Re: You'd think with all the journalists covering the protests, one of them would have gotten it right.
04 Aug 2004
I talked to a guy from Food Not Bombs, who said he saw a "corporate logo flag" being burned - you know, the US flag with the stars replaced by corporate logos.

So, I'm curious about the corporate press. They apparently mistook a Pirate Hook costume prop for a fake incendiary. And they apparently broadcast a flag Barbecue, but was it a real flag or a corporate-logo flag? (if there's any difference!)

One of my co-workers, fooled by the corporate spin, said the so-called fake incendiary was just as bad as carrying a plastic gun.
Re: You'd think with all the journalists covering the protests, one of them would have gotten it right.
04 Aug 2004
thanks for writing in a manner that is fair and considers what is known and what seemed unclear rather than drawing conclusions..
Re: You'd think with all the journalists covering the protests, one of them would have gotten it right.
04 Aug 2004
I think this is an excellent letter. The only clarification that I want to make is that the protester with the pirate hook was not in fact part of Pirates Against Bush, but rather a larger Pirate Bloc that was created two days prior with the purpose of dressing up for Thursday.
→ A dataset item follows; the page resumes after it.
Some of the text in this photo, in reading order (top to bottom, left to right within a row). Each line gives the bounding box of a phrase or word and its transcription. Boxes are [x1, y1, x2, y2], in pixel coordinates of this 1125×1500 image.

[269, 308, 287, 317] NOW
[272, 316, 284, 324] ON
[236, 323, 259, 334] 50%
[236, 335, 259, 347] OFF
Pirates Against Bush was there and involved, along with the Pirate Bloc from the RNC and other pirates.
Also, to Soupy Sales, I saw the corporate logo flag (from Unbrand America, part of Adbusters) there, but I am almost positive it is not the one that was burned. I could be wrong though.
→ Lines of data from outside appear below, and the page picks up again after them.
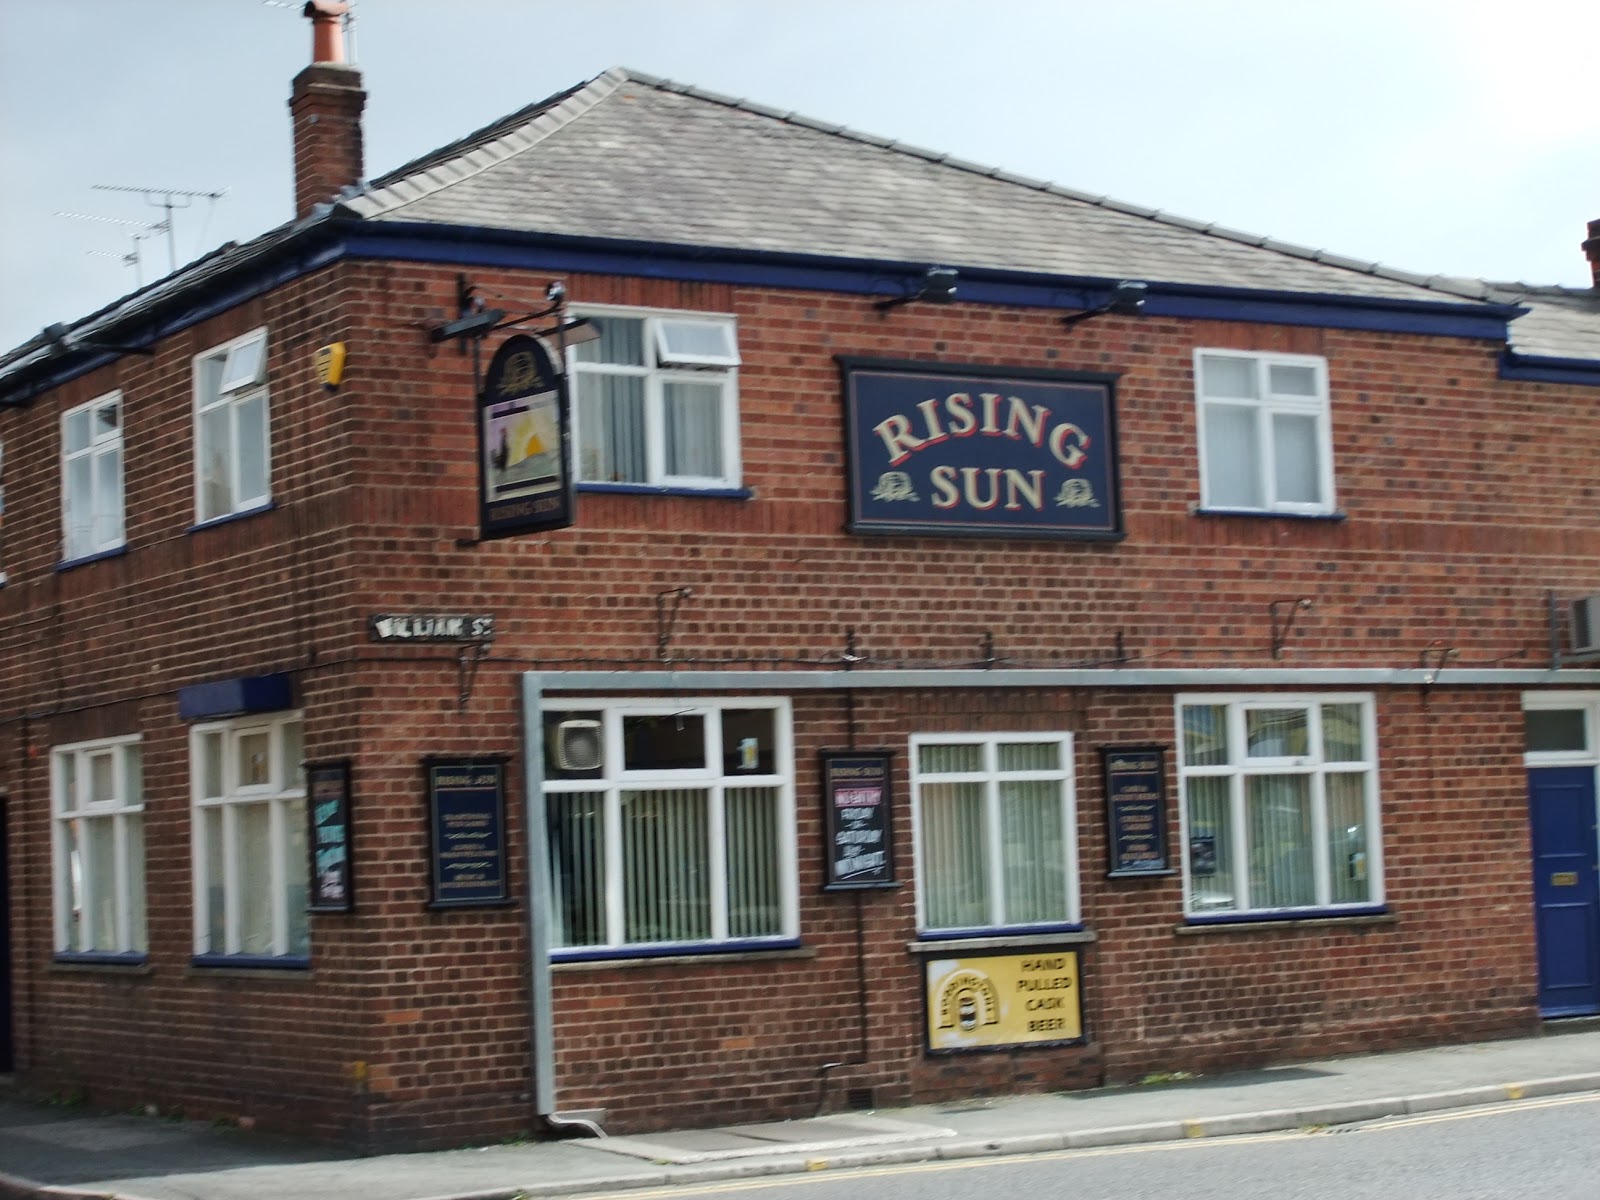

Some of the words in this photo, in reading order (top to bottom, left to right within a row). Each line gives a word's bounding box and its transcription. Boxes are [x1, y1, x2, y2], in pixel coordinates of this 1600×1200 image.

[872, 392, 1092, 470] RISING
[929, 464, 1046, 512] SUN
[375, 617, 463, 638] WILLIAM
[1020, 956, 1067, 973] HAND
[1016, 976, 1072, 993] PULLED
[1024, 996, 1066, 1012] CASK
[1026, 1017, 1067, 1033] BEER
Re: You'd think with all the journalists covering the protests, one of them would have gotten it right.
04 Aug 2004
thanks for the comments, everyone.. there is a video somewhere of the flag-burning, but when i saw it, i wasn't paying close enough attention to see if it was the real flag or not. i was walking next to a kid who had the corporate-logo flag on the way to the fleet center, so it's very likely that is what was burned. if that's so, then chalk one more up for the media for misreporting yet another aspect of what actually happened. cool.
Re: Open Letter to NEasternU Journalist Who Got it Wrong
07 Aug 2004
Whatever happened to the "old fashioned" way of journalism? Getting off your ass. Asking real questions, of those involved. Seeking the truth?
Until media can do it right?
Americans will be wary!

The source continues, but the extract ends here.